WHAT IS EXPECTED: In the copy, include every entry exactly but none of the images.
________________________________________
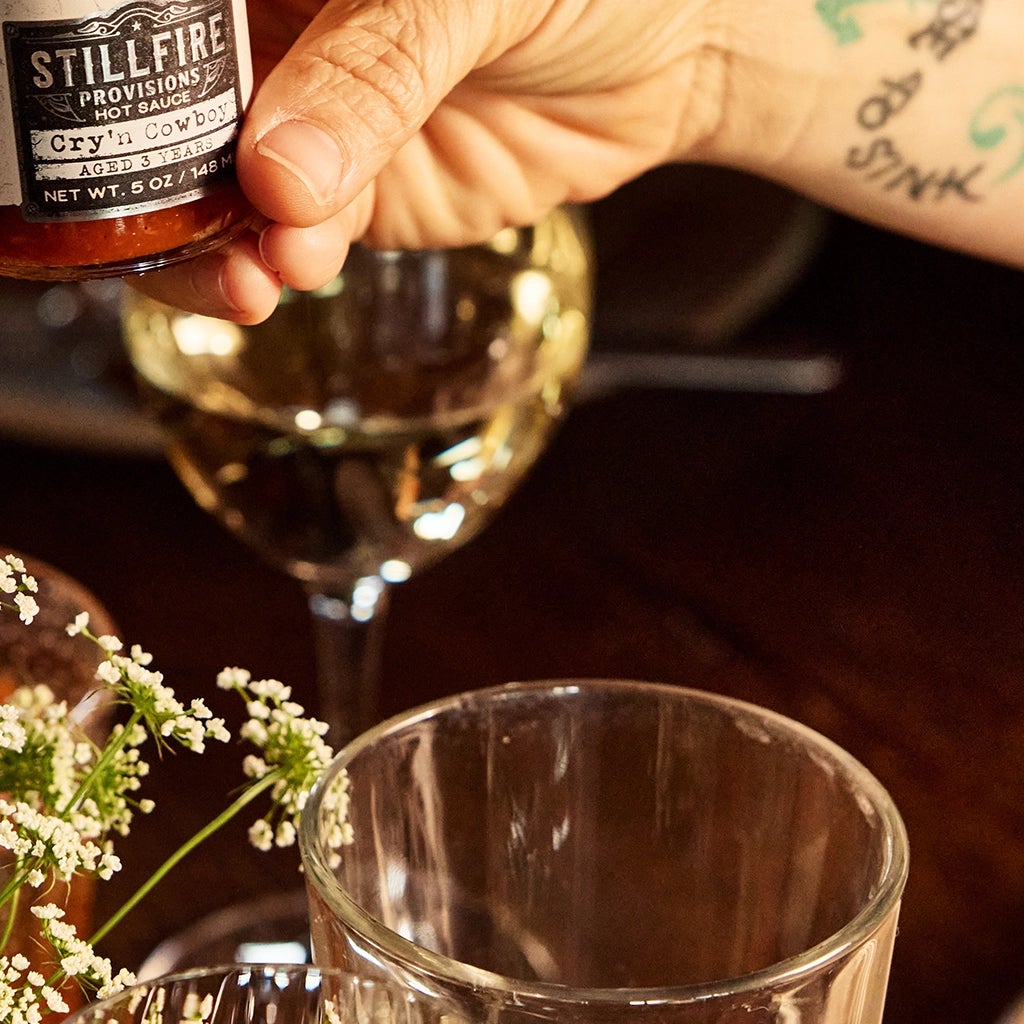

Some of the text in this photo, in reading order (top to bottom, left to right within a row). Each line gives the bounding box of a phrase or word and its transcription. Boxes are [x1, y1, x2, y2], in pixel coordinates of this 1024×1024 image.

[30, 11, 226, 89] STILLFIRE
[79, 68, 201, 108] PROVISIONS
[95, 90, 191, 121] HOT SAUCE
[50, 102, 228, 154] Cry'n Cowboy
[79, 137, 214, 177] AGED 3 YEARS
[44, 188, 81, 202] NET
[87, 185, 126, 199] WT.
[130, 180, 144, 195] 5
[148, 173, 174, 190] OZ
[190, 160, 218, 179] 148
________________________________________
FINISHED TASK:
Some of the text in this photo, in reading order (top to bottom, left to right within a row). Each line gives the bounding box of a phrase or word and its transcription. Boxes are [x1, y1, x2, y2], in pixel coordinates of this 1024×1024 image.

[30, 11, 226, 89] STILLFIRE
[79, 68, 201, 108] PROVISIONS
[95, 90, 191, 121] HOT SAUCE
[50, 102, 228, 154] Cry'n Cowboy
[79, 137, 214, 177] AGED 3 YEARS
[44, 188, 81, 202] NET
[87, 185, 126, 199] WT.
[130, 180, 144, 195] 5
[148, 173, 174, 190] OZ
[190, 160, 218, 179] 148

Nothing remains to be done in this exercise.